We used data from a unique 15-year long rainfall manipulation experiment at the Konza Prairie Biological Station in northeastern Kansas, USA, to determine how altered precipitation patterns (fewer, larger events) impacted plant species composition and structure in an annually burned, ungrazed, native tallgrass prairie. We tested two hypotheses. First, based on the HRF, we predicted that directional change in grass and forb cover and richness and community composition would eventually occur after a lag period under the altered precipitation treatment. Second, we predicted that change in cover and composition under altered precipitation would be driven by the response of forbs more so than grasses because the dominant grasses are reported to be buffered against precipitation variability1,44 and changes in the cover and richness of forbs contribute disproportionately to community responses to other drivers in this grassland3,5,6.


Rainfall Regime

Growing-season rainfall averaged 404.0 mm (±2.0 se) from 1997 through 2012. From May through September an average of 29 ambient rainfall events occurred per year, with an average of 18 events >5 mm.
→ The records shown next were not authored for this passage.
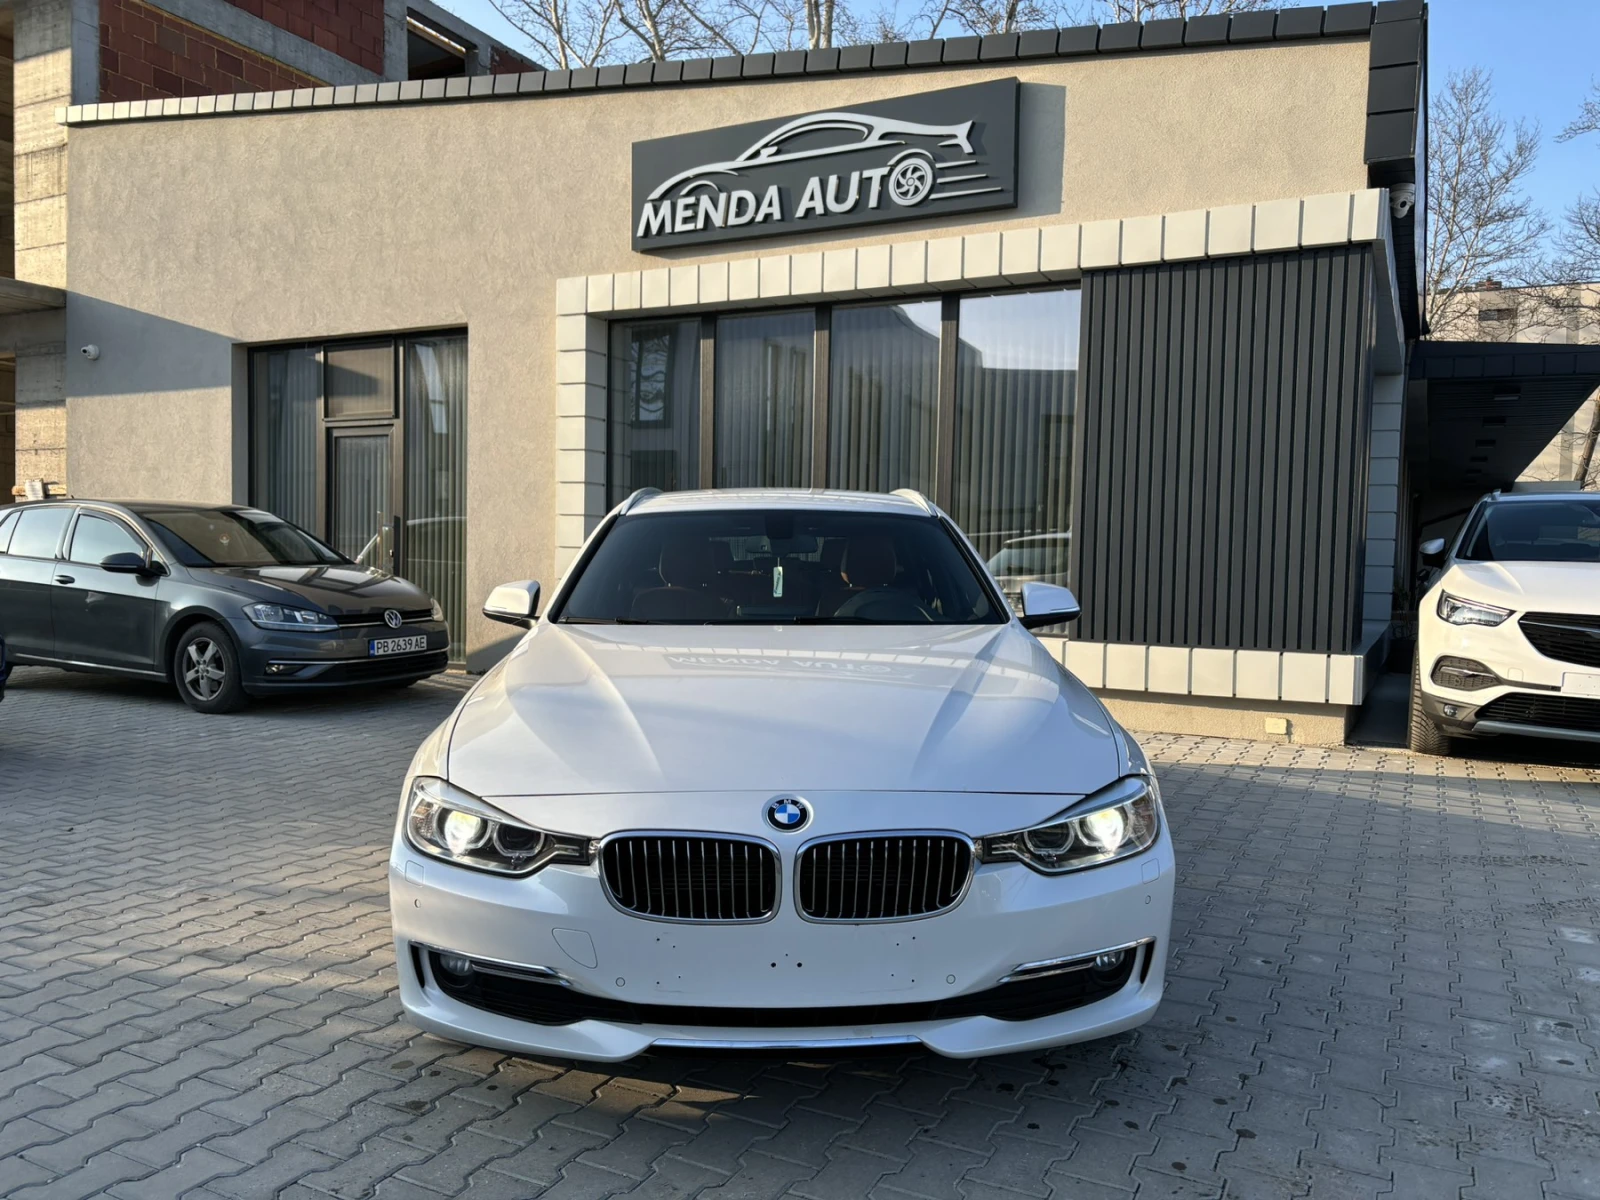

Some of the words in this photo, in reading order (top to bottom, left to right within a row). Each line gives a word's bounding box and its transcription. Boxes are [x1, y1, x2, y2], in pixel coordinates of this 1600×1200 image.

[636, 185, 782, 237] MENDA
[795, 158, 933, 218] AUTO
[376, 640, 389, 653] PB
[391, 638, 413, 652] 2639
[414, 637, 425, 649] AE
[772, 799, 804, 809] BMW
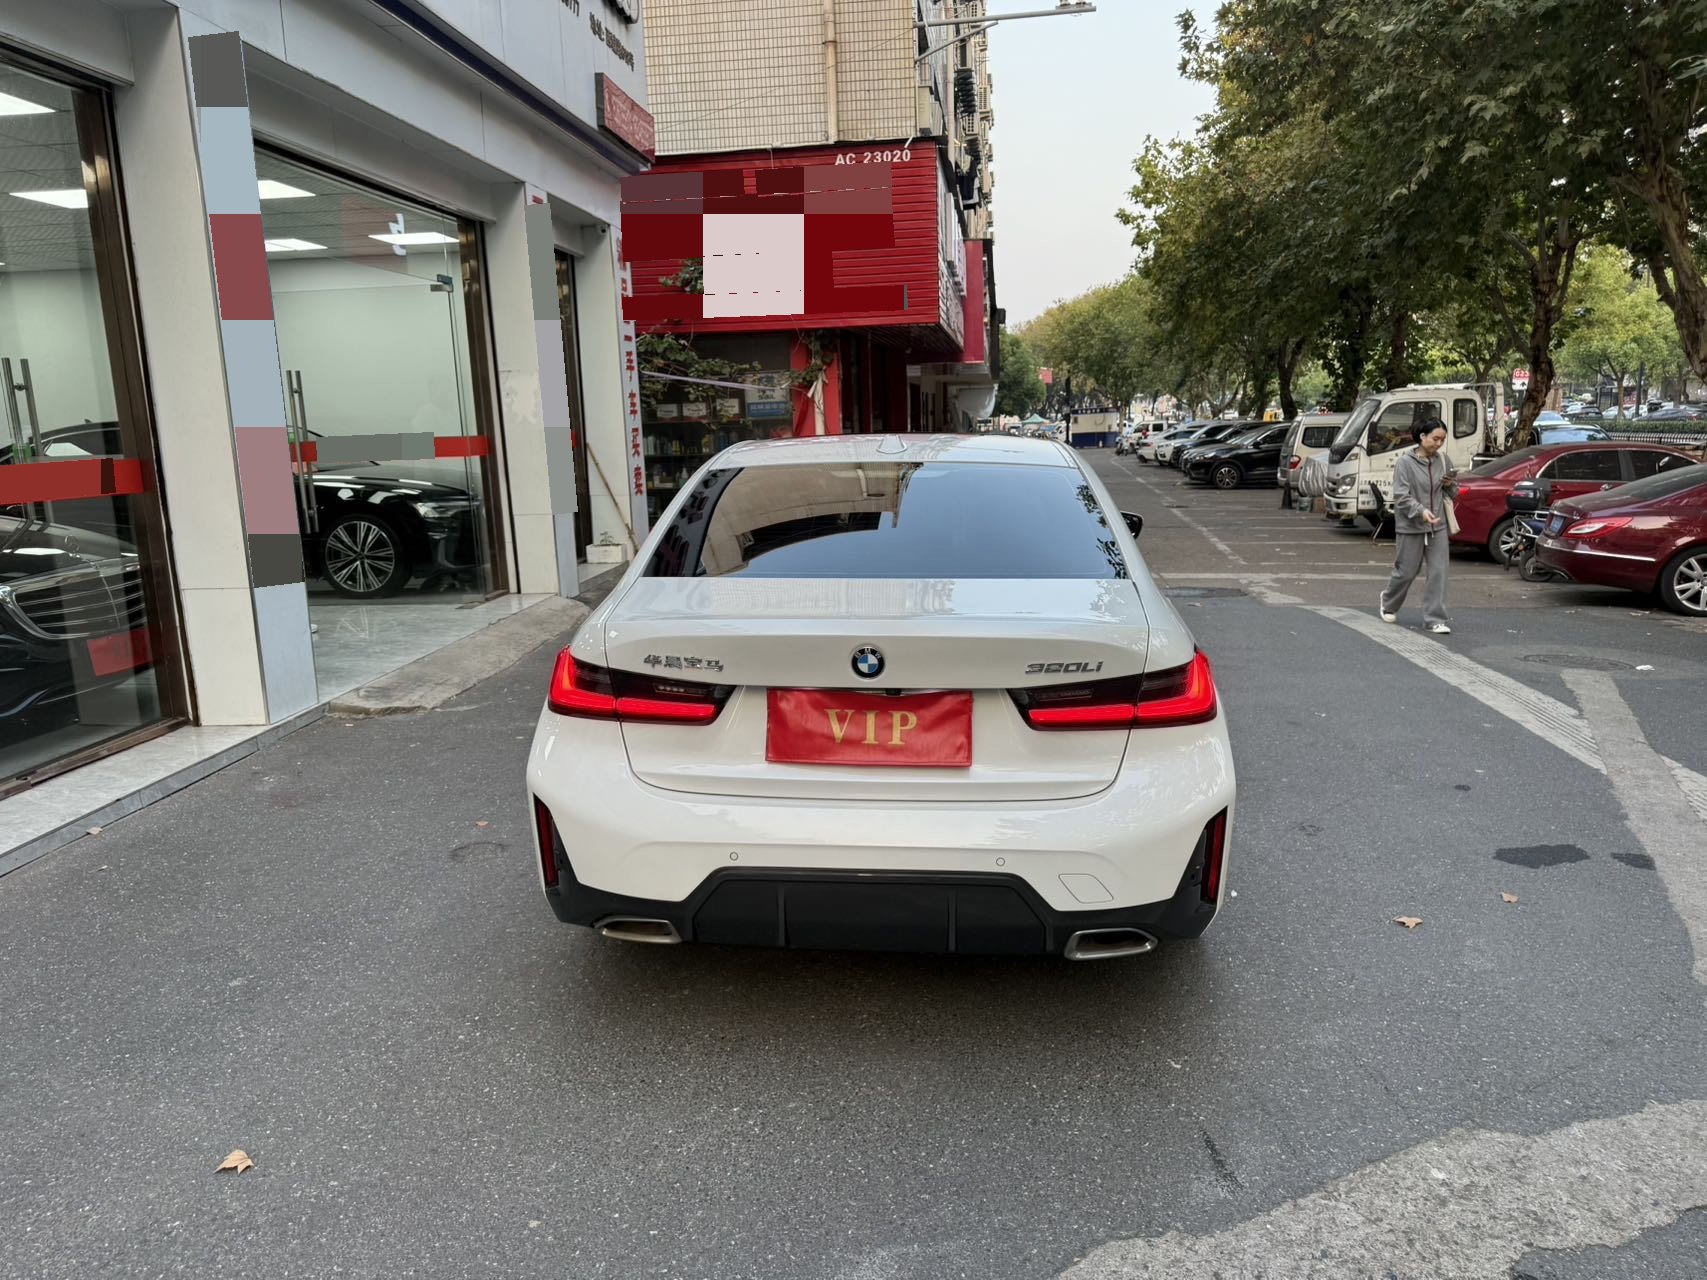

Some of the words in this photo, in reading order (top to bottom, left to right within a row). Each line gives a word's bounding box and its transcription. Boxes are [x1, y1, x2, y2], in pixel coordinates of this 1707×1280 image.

[834, 153, 857, 166] AC
[863, 149, 911, 164] 23020
[643, 654, 724, 672] 华晨宝马
[1025, 661, 1104, 675] 320Li
[824, 708, 918, 745] VIP
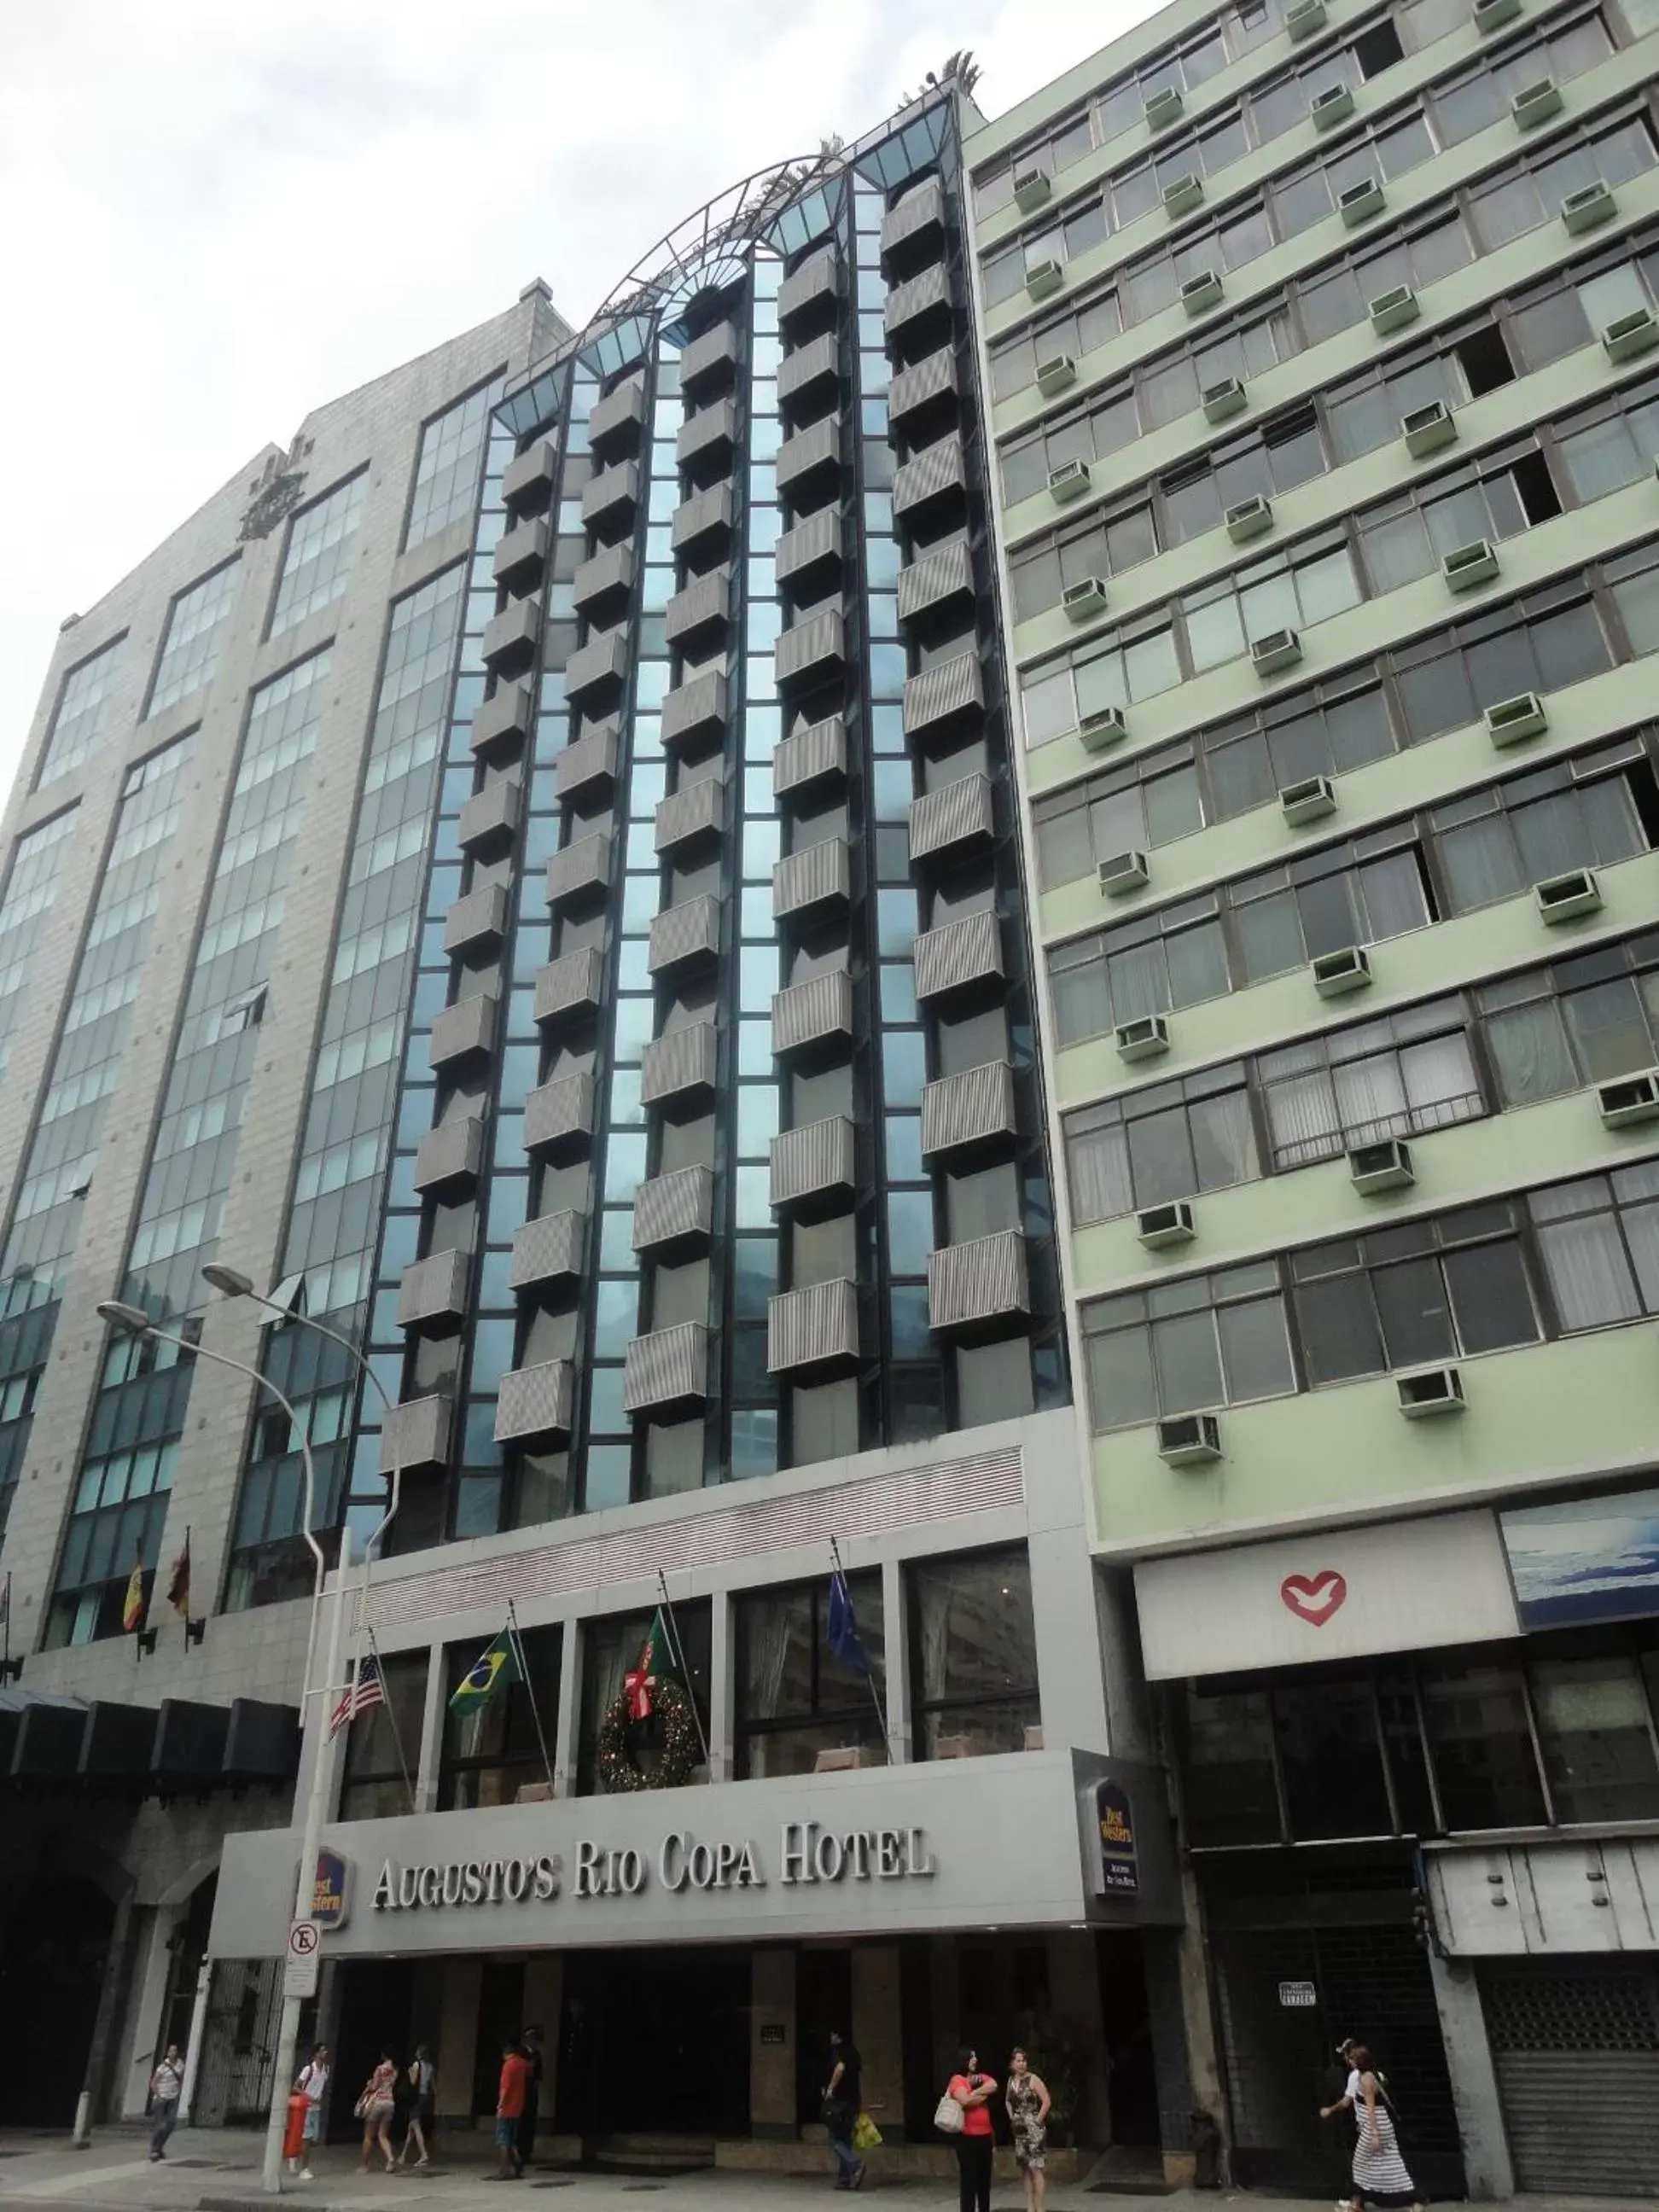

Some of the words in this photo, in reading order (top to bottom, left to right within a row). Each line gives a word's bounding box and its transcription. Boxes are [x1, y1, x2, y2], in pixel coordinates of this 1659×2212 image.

The altered precipitation treatment resulted in an average of 12 rainfall events per year, with 10 events >5 mm (Fig. 1a). Mean length of dry periods between events averaged 8.7 (±1.9 se) days for ambient and 16.2 (±3.7 se) days for altered treatments (Fig. 1b). The nearly 100% increase in mean length of dry periods in altered compared to ambient treatments was due to the removal of multiple small rain events, which were most frequent on average during the months of May, June and August. Mean event size averaged 20.6 mm (±3.3 se) and 38.8 mm (±7.4 se) for ambient and altered precipitation treatments, respectively (Fig. 1c).

Figure 1

Growing season precipitation parameters between ambient and altered treatments (fewer, larger rain events) from 1997 (pretreatment year) through 2012.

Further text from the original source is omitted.